Provably Minimally-Distorted Adversarial Examples

TL;DR

This paper introduces a formal verification method to generate provably minimally distorted adversarial examples, demonstrating its effectiveness in evaluating and improving neural network robustness.

Contribution

It presents a novel verification technique to construct minimal-distortion adversarial examples and applies it to assess and enhance existing defenses.

Findings

Successfully constructed minimal-distortion adversarial examples for neural networks.

Proved that adversarial retraining increases the distortion needed for attacks by a factor of 4.2.

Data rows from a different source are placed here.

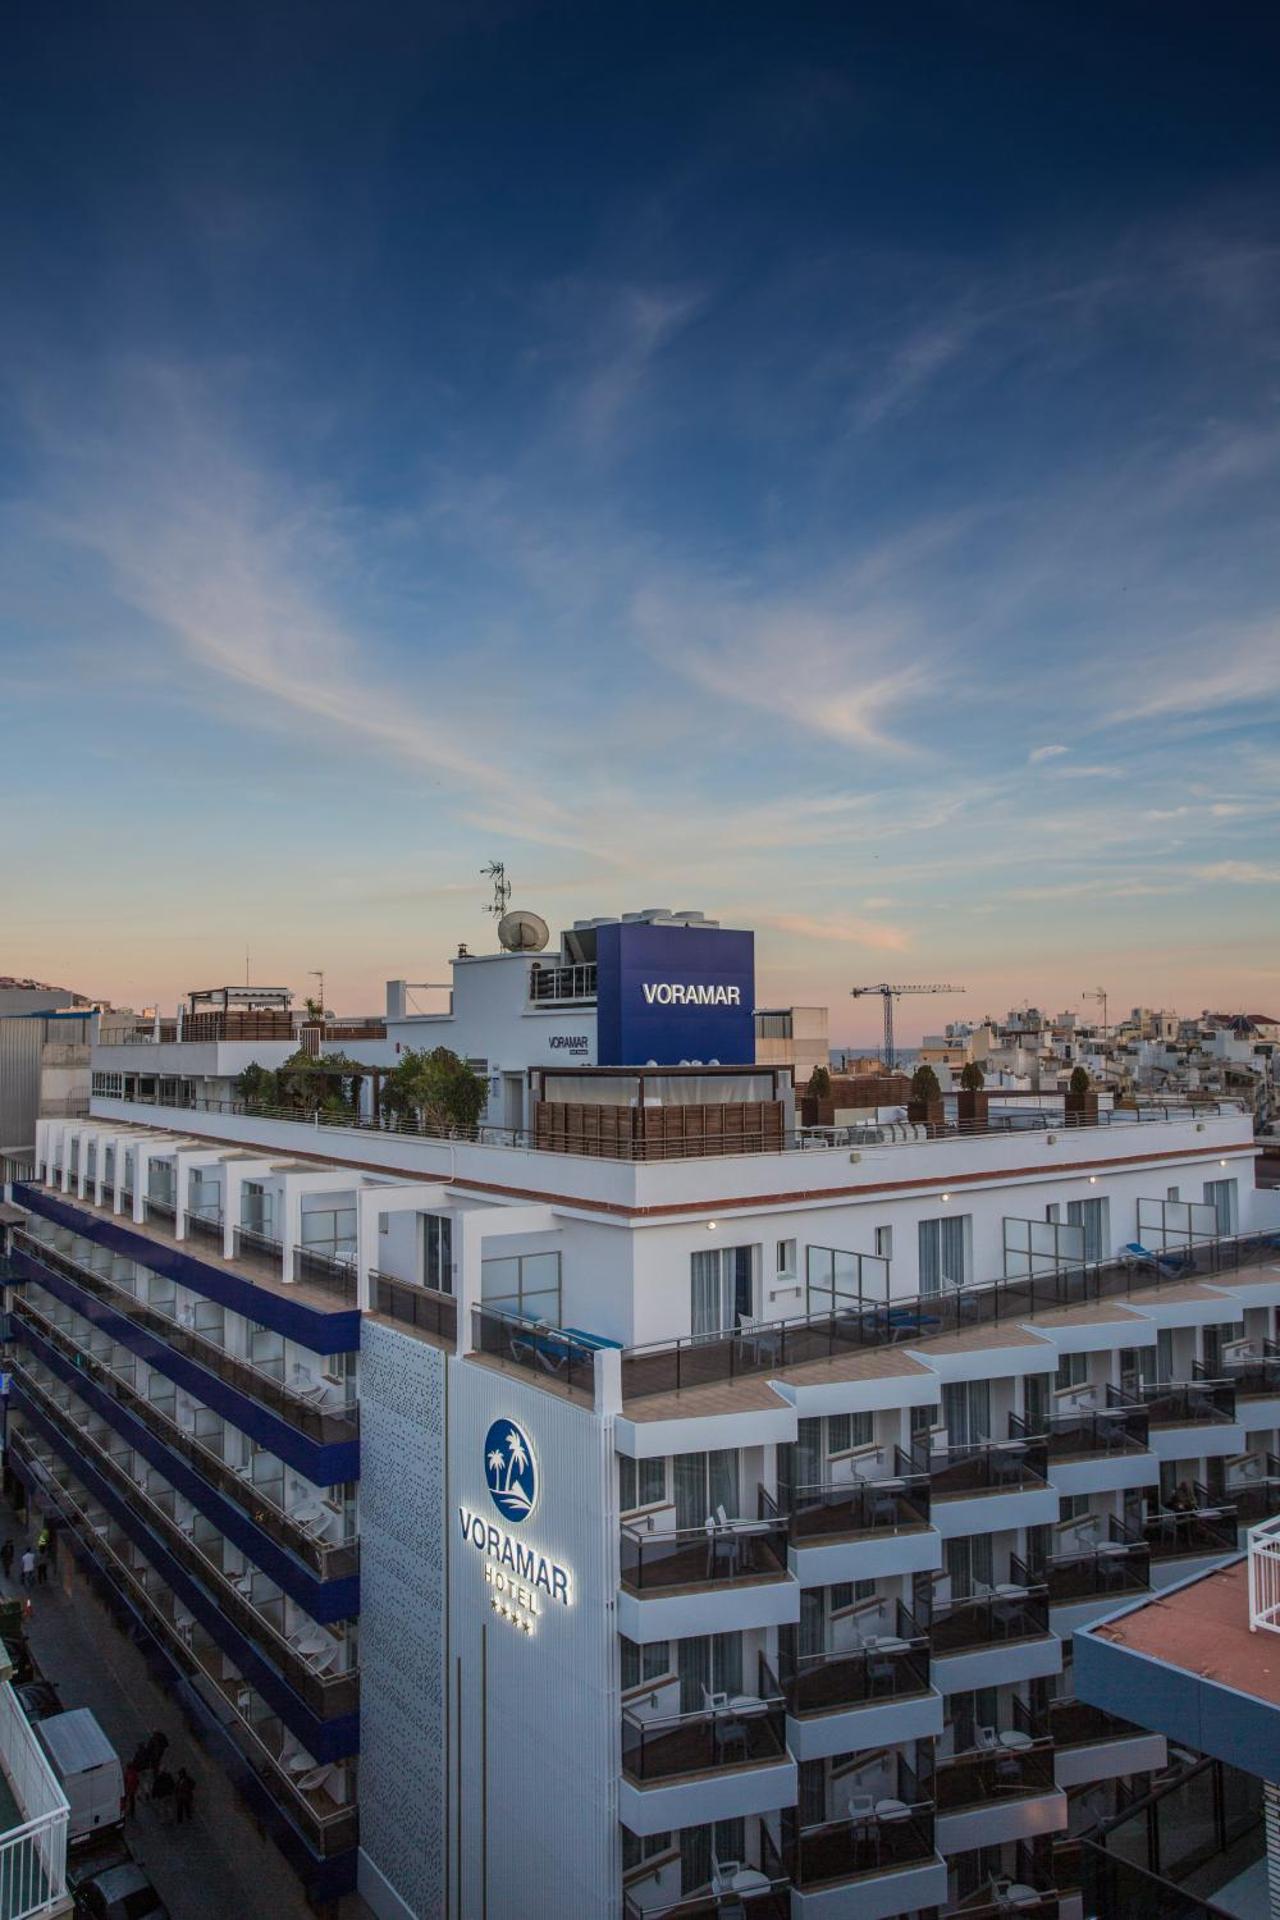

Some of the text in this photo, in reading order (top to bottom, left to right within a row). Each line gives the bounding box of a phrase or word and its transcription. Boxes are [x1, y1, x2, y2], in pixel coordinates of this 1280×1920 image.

[642, 983, 740, 1005] VORAMAR
[549, 1036, 588, 1049] VORAMAR
[459, 1508, 569, 1606] VORAMAR
[484, 1563, 537, 1615] HOTEL
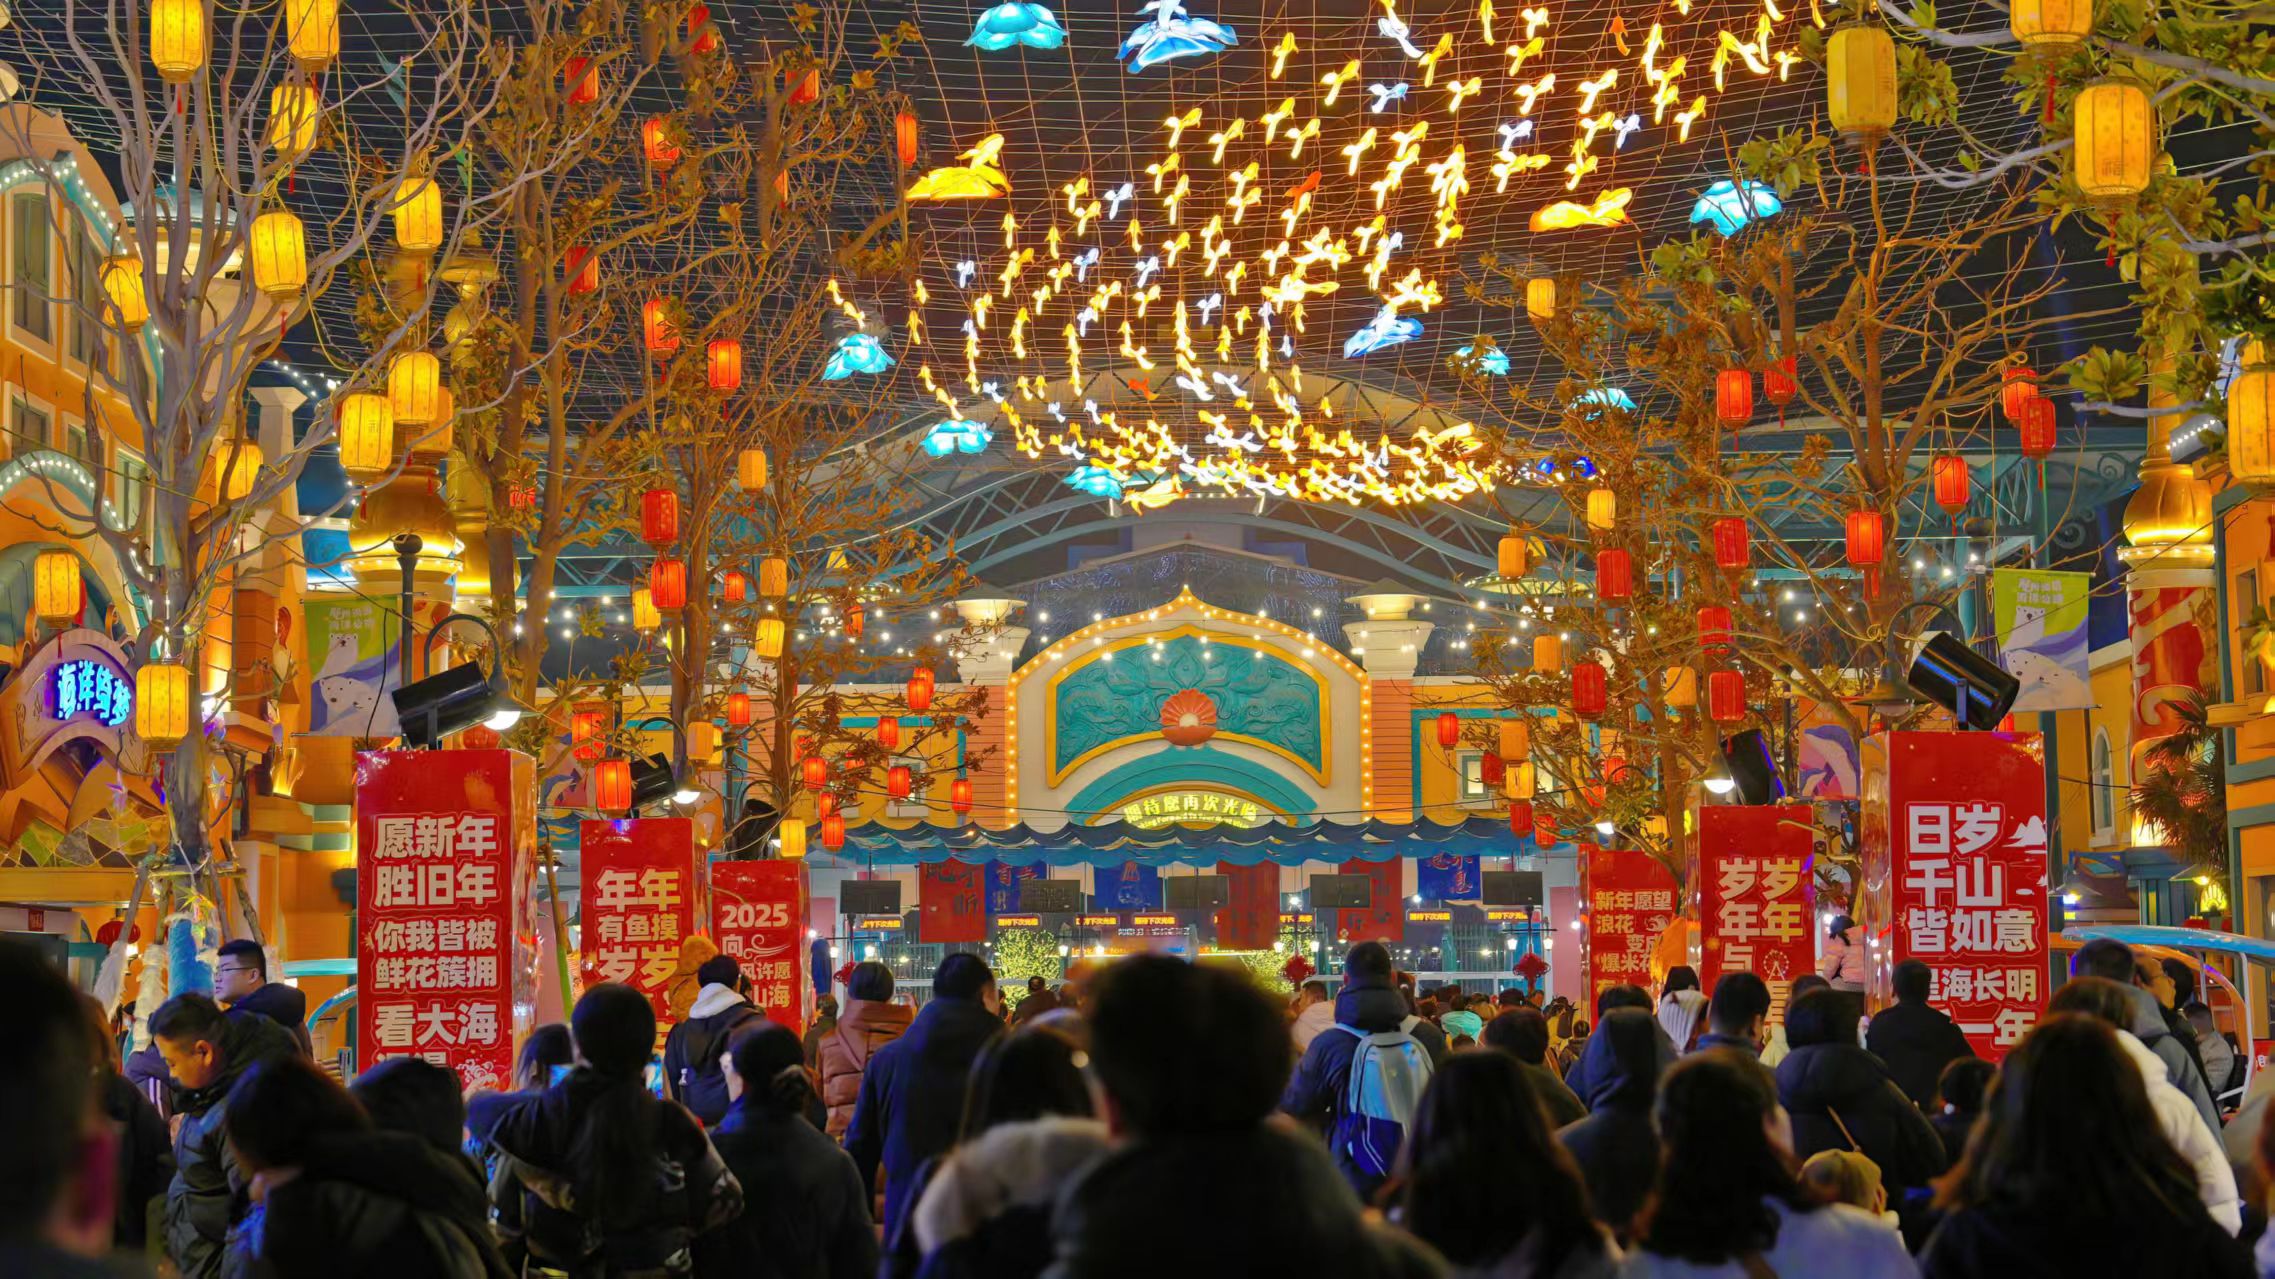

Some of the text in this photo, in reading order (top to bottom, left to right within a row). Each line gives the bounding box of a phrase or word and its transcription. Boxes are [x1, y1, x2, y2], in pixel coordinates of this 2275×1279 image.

[1124, 794, 1258, 824] 期待您再次光临
[1909, 804, 2001, 855] 日岁
[375, 815, 497, 859] 愿新年
[375, 863, 497, 907] 胜旧年
[596, 868, 681, 912] 年年
[1718, 857, 1801, 900] 岁岁
[1906, 857, 2003, 907] 千山
[721, 903, 789, 929] 2025
[1595, 890, 1673, 911] 新年愿望
[375, 919, 497, 953] 你我皆被
[598, 913, 680, 943] 有鱼摸
[1596, 914, 1635, 934] 浪花
[1718, 901, 1804, 943] 年年
[1908, 908, 2036, 953] 皆如意
[599, 944, 680, 989] 岁岁
[722, 934, 744, 957] 向
[375, 956, 497, 989] 鲜花簇拥
[376, 1003, 498, 1047] 看大海

Showed that many existing defenses are vulnerable despite claimed robustness.

Abstract

The ability to deploy neural networks in real-world, safety-critical systems is severely limited by the presence of adversarial examples: slightly perturbed inputs that are misclassified by the network. In recent years, several techniques have been proposed for increasing robustness to adversarial examples --- and yet most of these have been quickly shown to be vulnerable to future attacks. For example, over half of the defenses proposed by papers accepted at ICLR 2018 have already been broken. We propose to address this difficulty through formal verification techniques. We show how to construct provably minimally distorted adversarial examples: given an arbitrary neural network and input sample, we can construct adversarial examples which we prove are of minimal distortion. Using this approach, we demonstrate that one of the recent ICLR defense proposals, adversarial retraining, provably succeeds at increasing the distortion required to construct adversarial examples by a factor of 4.2.